I had the man repeat his story. It offered me no new clues. I considered the possibilities. Lyme disease famously causes a bull’s-eye rash with a central clearing, but the time course was all wrong. The deer-tick vector needs to be attached to the body for at least 36 hours in order to pass on its gift of the Lyme spirochete. And then it takes several days for the rash to appear. Could this welt be caused by a toxin injected by a bite or sting? The time course seemed off for that as well. Insect bites usually cause an immediate reaction. A brown recluse spider can cause a delayed reaction, but when severe, it causes skin blistering and necrosis — not this lumpy red rash. And how could it appear on the other leg? Did that mean that whatever it was had invaded his blood stream and was spreading through his body? Should we start the patient on doxycycline — the antibiotic used to treat most infections caused by tick bites? But the patient didn’t feel sick. He was just worried about the rash. And so was I.

Keith Choate, a dermatologist, teaches residents with me at our clinic. This was one of his teaching days. Raman and I found the dermatologist trailed by a handful of residents. He wasn’t with a patient, and so we briefly described ours. We brought Choate into the patient’s room. The residents watched from the doorway. Choate introduced himself to the man, looked quickly at the twin rashes and asked just one question.

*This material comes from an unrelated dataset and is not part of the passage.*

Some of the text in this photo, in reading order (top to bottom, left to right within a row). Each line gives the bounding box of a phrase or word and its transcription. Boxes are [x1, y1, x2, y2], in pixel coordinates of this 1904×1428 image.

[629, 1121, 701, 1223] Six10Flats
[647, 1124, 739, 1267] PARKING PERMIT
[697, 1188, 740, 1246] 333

“Are you using triple antibiotic ointment?” he asked the patient. Triple antibiotic ointment is a mixture of three topical antibiotics: neomycin, polymyxin B and bacitracin. It’s marketed under the brand name Neosporin, but generic versions of the mixture are available and sold under the name triple antibiotic ointment. The patient had been using this ointment, he told Choate. But only a few times, because it didn’t seem to help. “Well, don’t use it again,” Choate advised. The rash wasn’t an infection, helped by the topical antibiotic, but an allergy caused by it. This ointment is one of the most common causes of what is known as allergic contact dermatitis (A.C.D.).

The skin contains a wealth of white blood cells that help protect the body from invaders seeking to enter through this, the largest organ of the body. In allergic contact dermatitis, a benign substance that’s in touch with the skin is mistaken for a predator, triggering a protective inflammatory response. Some substances — including neomycin and bacitracin, two of the three antibiotics contained in this ointment — have been found to be frequent causes of this kind of mistaken protective reaction. According to one large study of surgical patients, more than 4 percent of those exposed to ingredients found in triple antibiotic ointment developed allergic contact dermatitis. It is frequently listed among the top 10 causes of A.C.D., along with some of the common ingredients in lotions and fragrances.

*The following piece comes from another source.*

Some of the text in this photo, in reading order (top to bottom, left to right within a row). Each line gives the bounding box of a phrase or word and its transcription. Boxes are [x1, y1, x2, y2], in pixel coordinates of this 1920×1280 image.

Choate recommended a strong steroid cream to help calm down the inflammation and speed resolution of the rash. But it will take time to clear up, the dermatologist warned.

As we left the room, Raman asked Choate how the rash spread to the other leg. His answer was simple and held a clue to how he figured it out. It’s a contact dermatitis, he reminded her. When the man crossed his ankles or put his legs next to each other, maybe as he slept, the ointment on one leg was put in contact with the other.

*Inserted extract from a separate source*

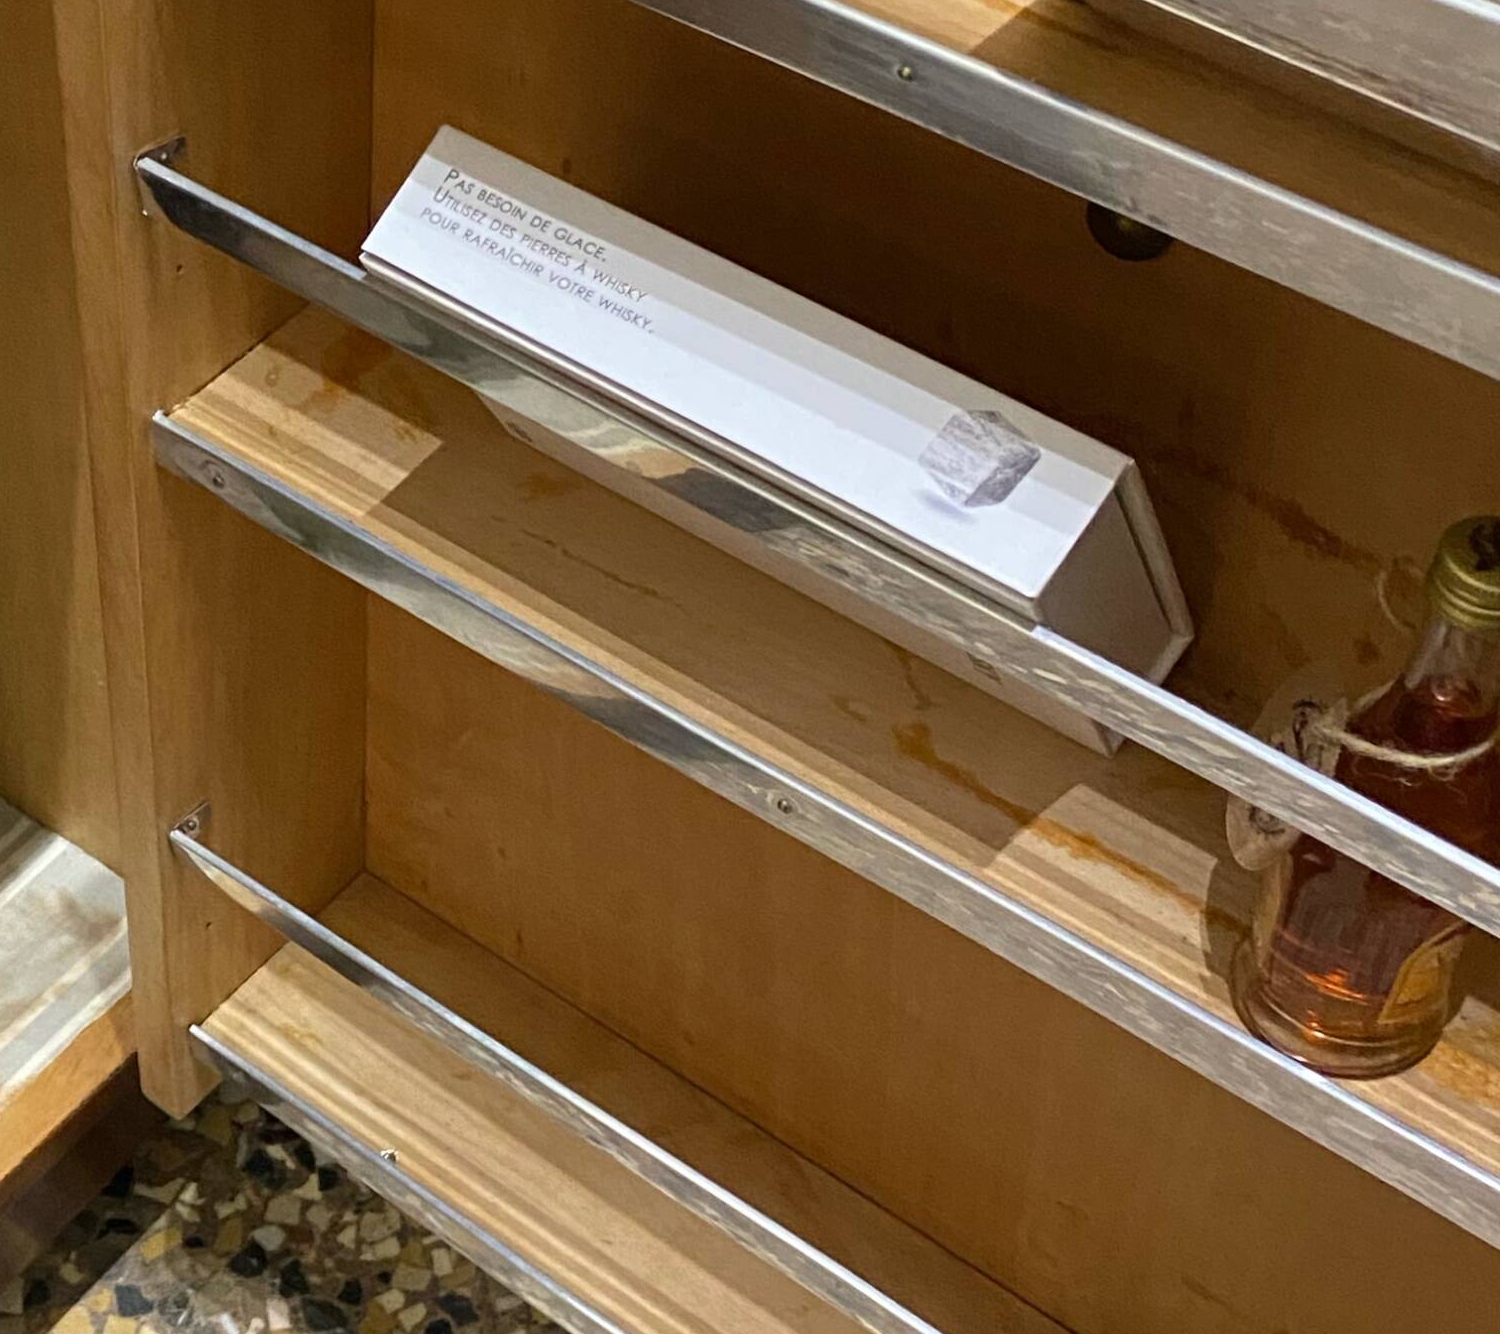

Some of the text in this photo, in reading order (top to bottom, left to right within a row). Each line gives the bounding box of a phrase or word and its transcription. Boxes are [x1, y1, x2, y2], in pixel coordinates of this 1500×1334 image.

I spoke to the patient a week after he started the steroid cream. The rash was fading, but slowly. He’s been out to the spot in the yard where he felt the sting and searched the surrounding bushes and grasses for clues to what got him. He hasn’t found a likely culprit. No ant hills or beehives. No spearlike plants or grasses. No spider webs. It’s a mystery, he told me. But from now on, he averred, he’ll mow the lawn wearing long pants as well as socks and shoes.